**Provided data:**
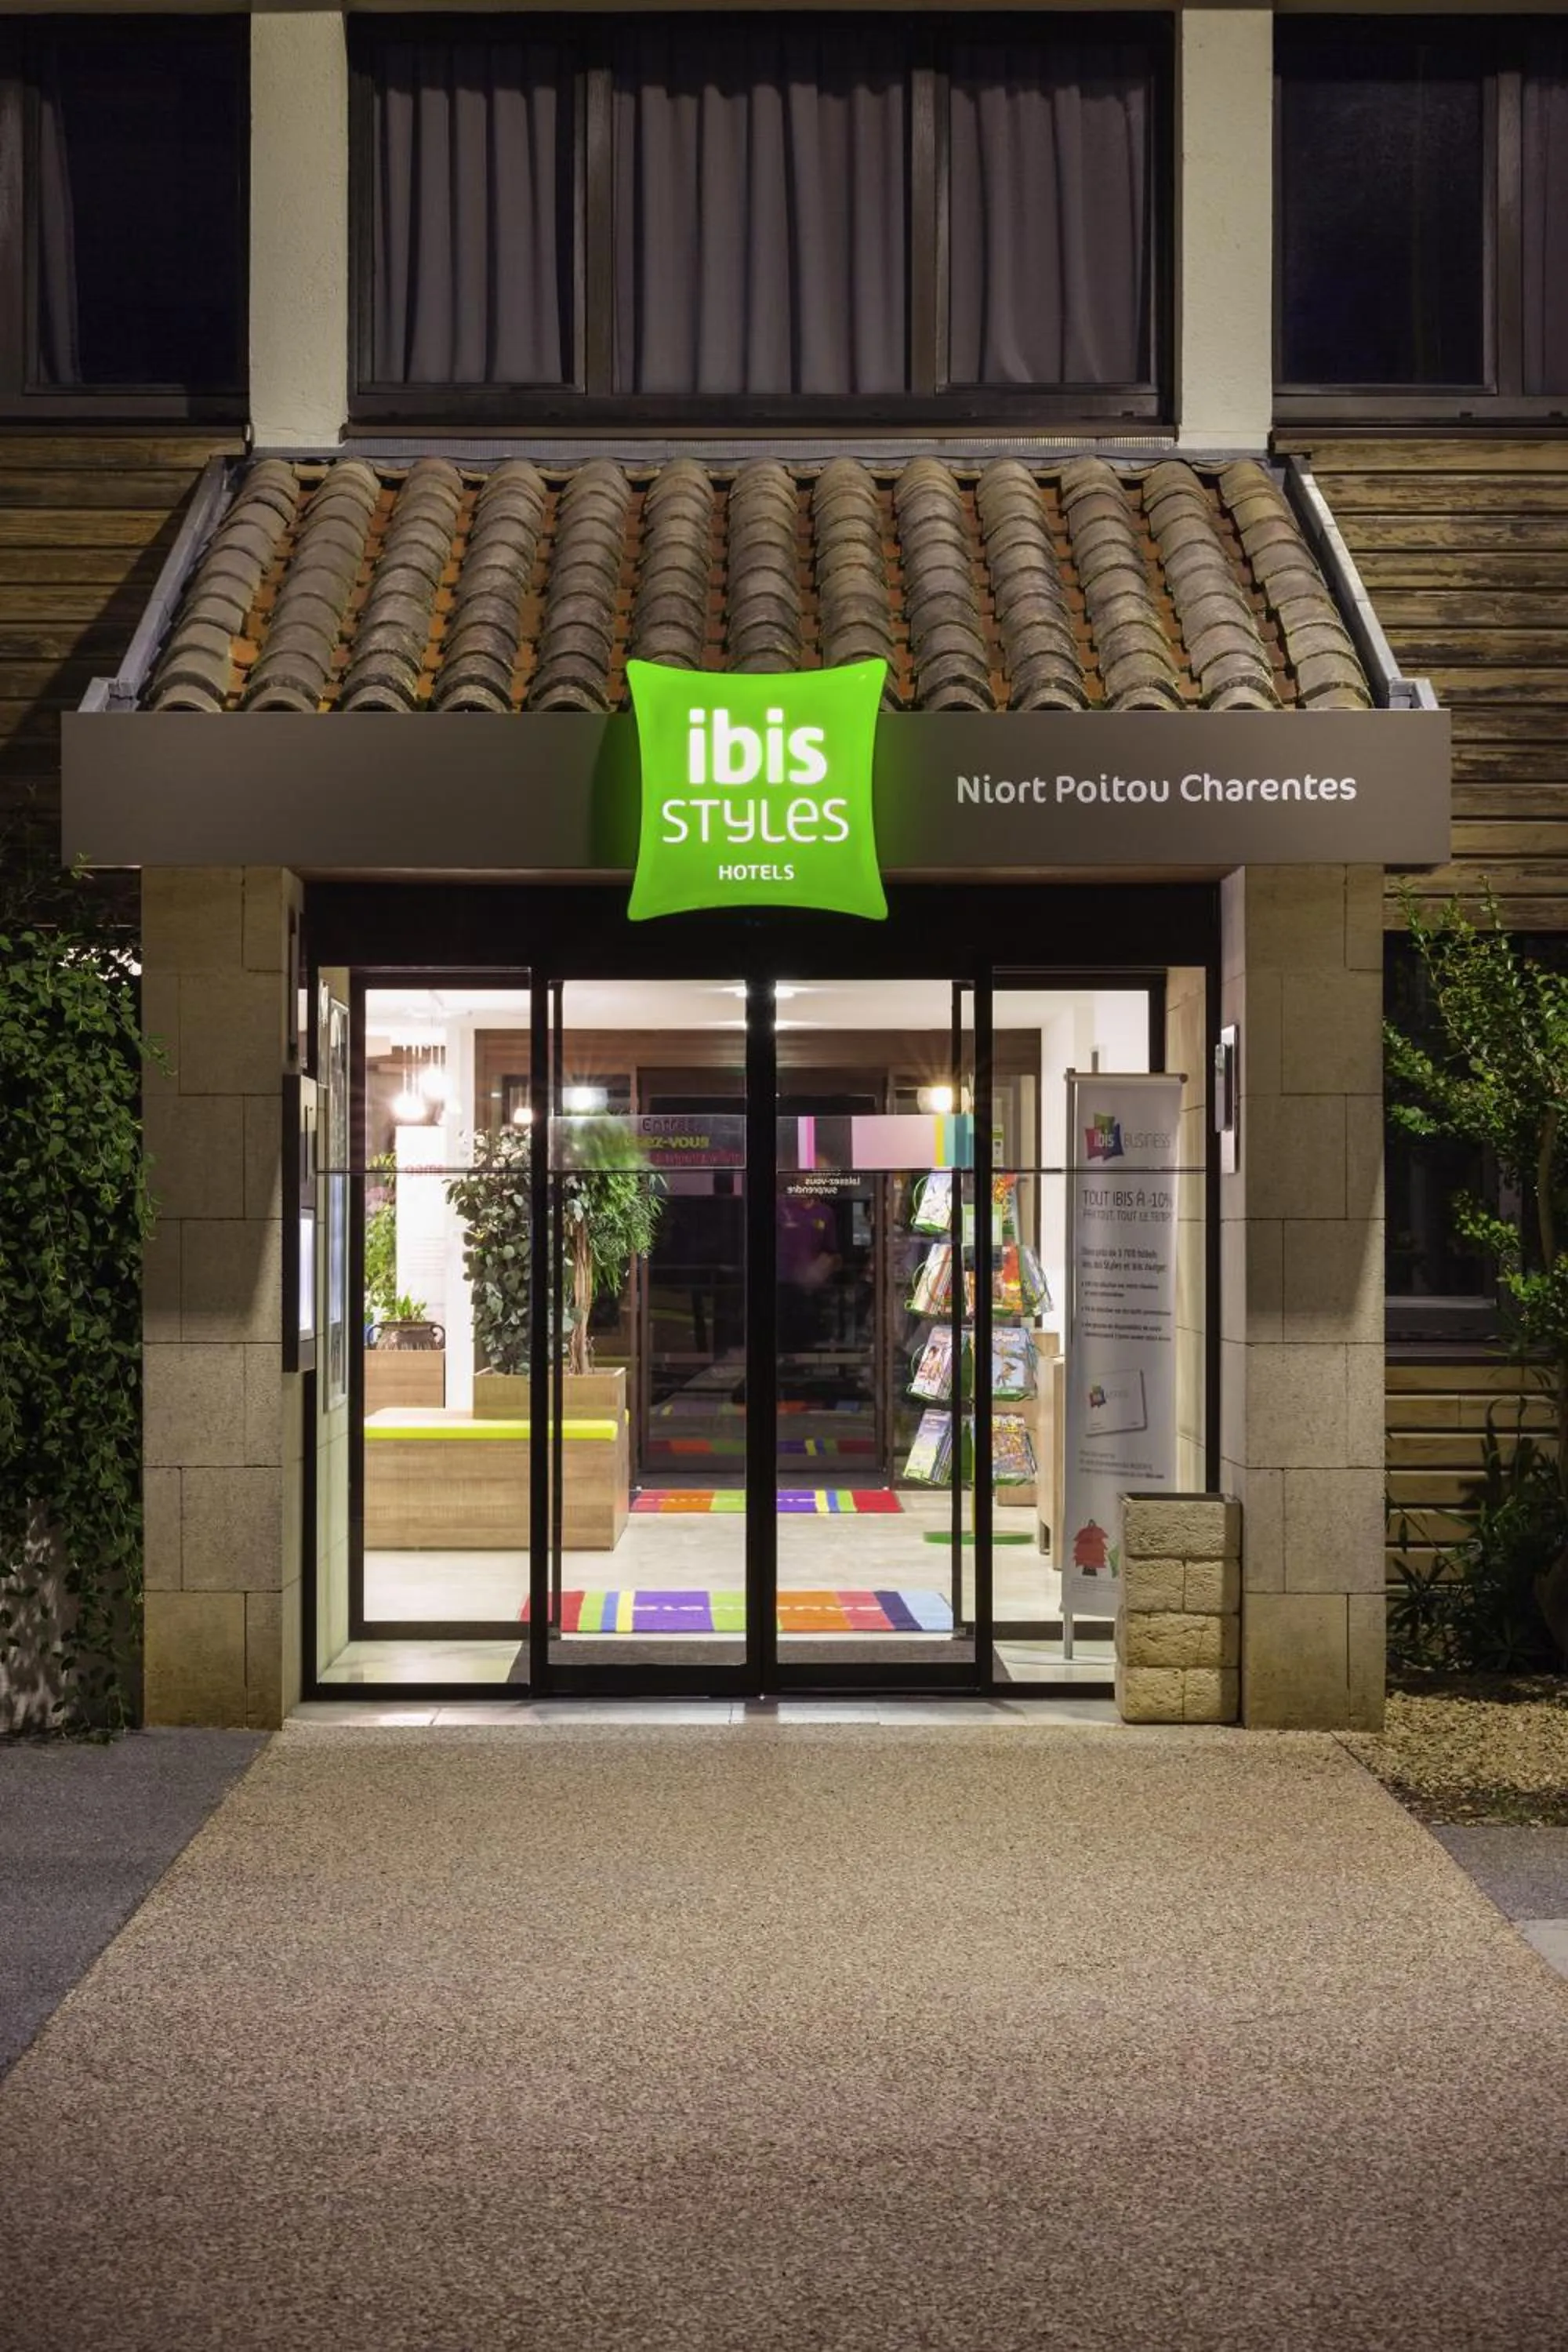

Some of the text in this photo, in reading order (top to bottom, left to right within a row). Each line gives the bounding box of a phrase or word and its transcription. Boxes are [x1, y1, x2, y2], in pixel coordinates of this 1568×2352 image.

[688, 708, 828, 785] ibis
[956, 773, 1358, 804] Niort Poitou Charentes
[718, 864, 794, 881] HOTELS
[1112, 1190, 1134, 1207] IBIS
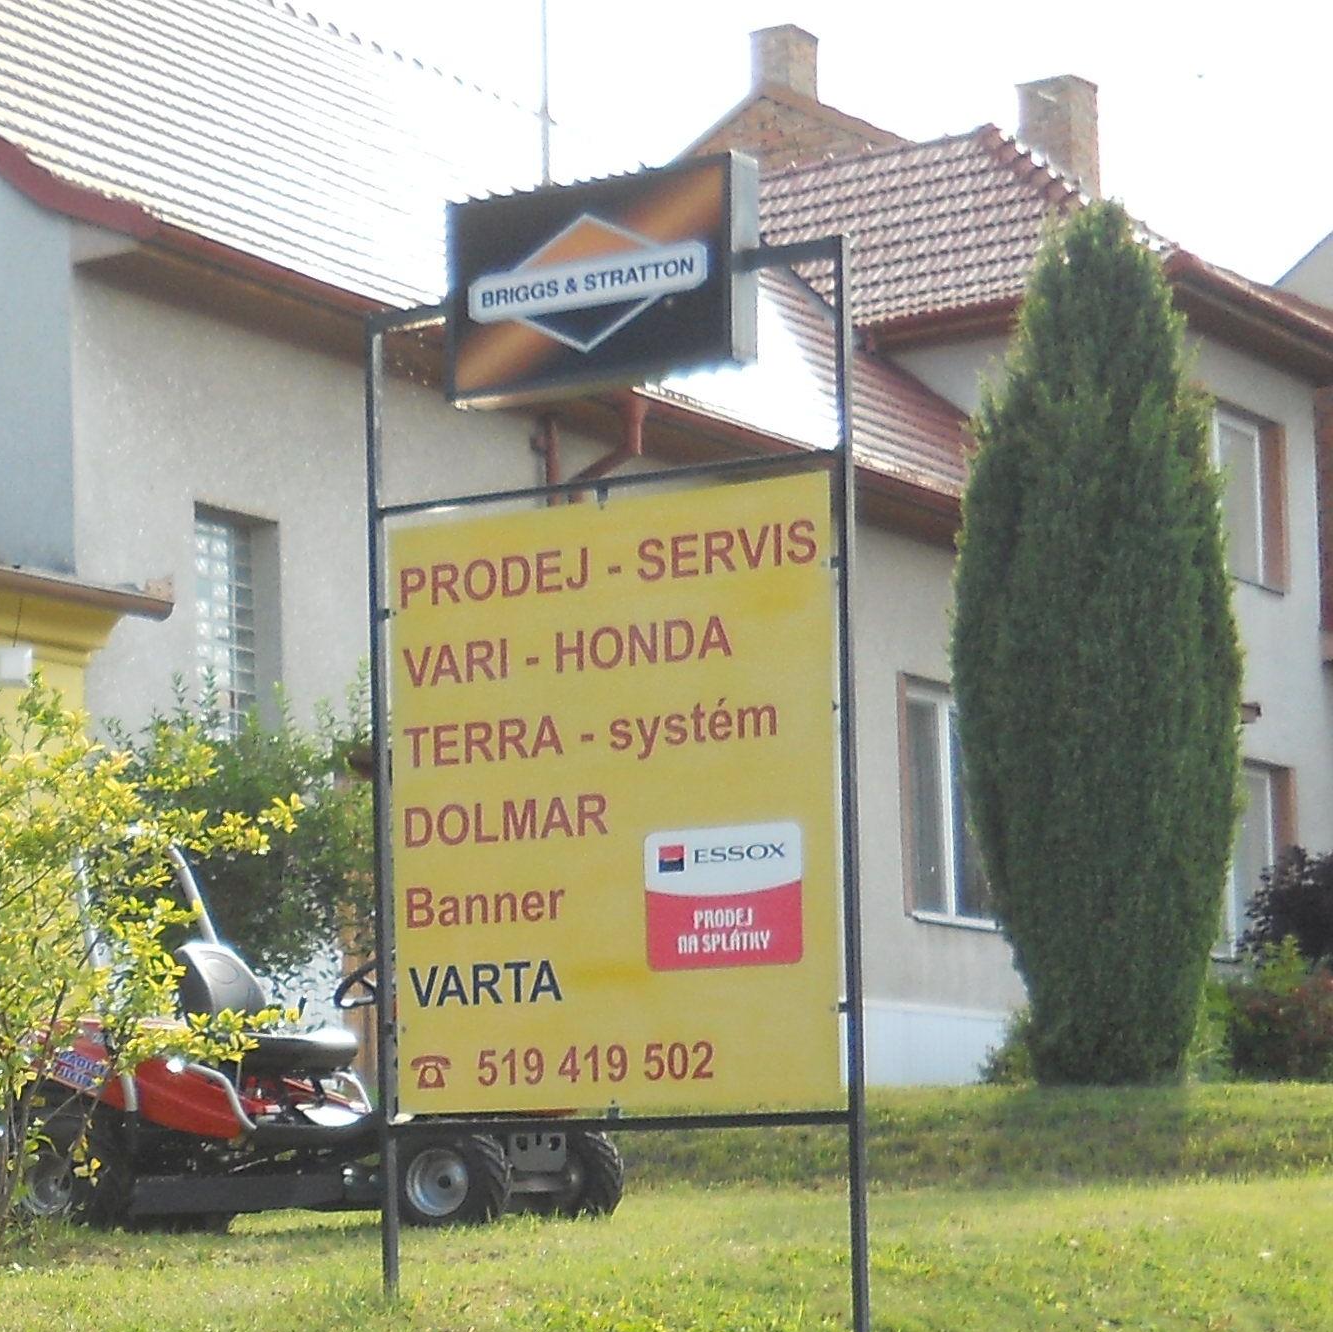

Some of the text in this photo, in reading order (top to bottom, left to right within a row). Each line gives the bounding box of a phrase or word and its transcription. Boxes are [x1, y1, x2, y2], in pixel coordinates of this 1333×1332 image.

[481, 256, 695, 309] BRIGGS & STRATTON
[399, 519, 818, 609] PRODEJ - SERVIS
[402, 615, 732, 687] VARI - HONDA
[403, 698, 778, 768] TERRA - systém
[404, 793, 609, 849] DOLMAR
[694, 842, 785, 864] ESSOX
[405, 886, 565, 929] Banner
[693, 907, 753, 930] PRODEJ
[678, 928, 771, 954] NA SPLÁTKY
[408, 959, 563, 1008] VARTA
[476, 1040, 714, 1086] 519 419 502

**Work instruction:**
The expected output is the exact run of lines from the line with "this 1333×1332 image." through the last line of the material above.

**The completed task:**
Some of the text in this photo, in reading order (top to bottom, left to right within a row). Each line gives the bounding box of a phrase or word and its transcription. Boxes are [x1, y1, x2, y2], in pixel coordinates of this 1333×1332 image.

[481, 256, 695, 309] BRIGGS & STRATTON
[399, 519, 818, 609] PRODEJ - SERVIS
[402, 615, 732, 687] VARI - HONDA
[403, 698, 778, 768] TERRA - systém
[404, 793, 609, 849] DOLMAR
[694, 842, 785, 864] ESSOX
[405, 886, 565, 929] Banner
[693, 907, 753, 930] PRODEJ
[678, 928, 771, 954] NA SPLÁTKY
[408, 959, 563, 1008] VARTA
[476, 1040, 714, 1086] 519 419 502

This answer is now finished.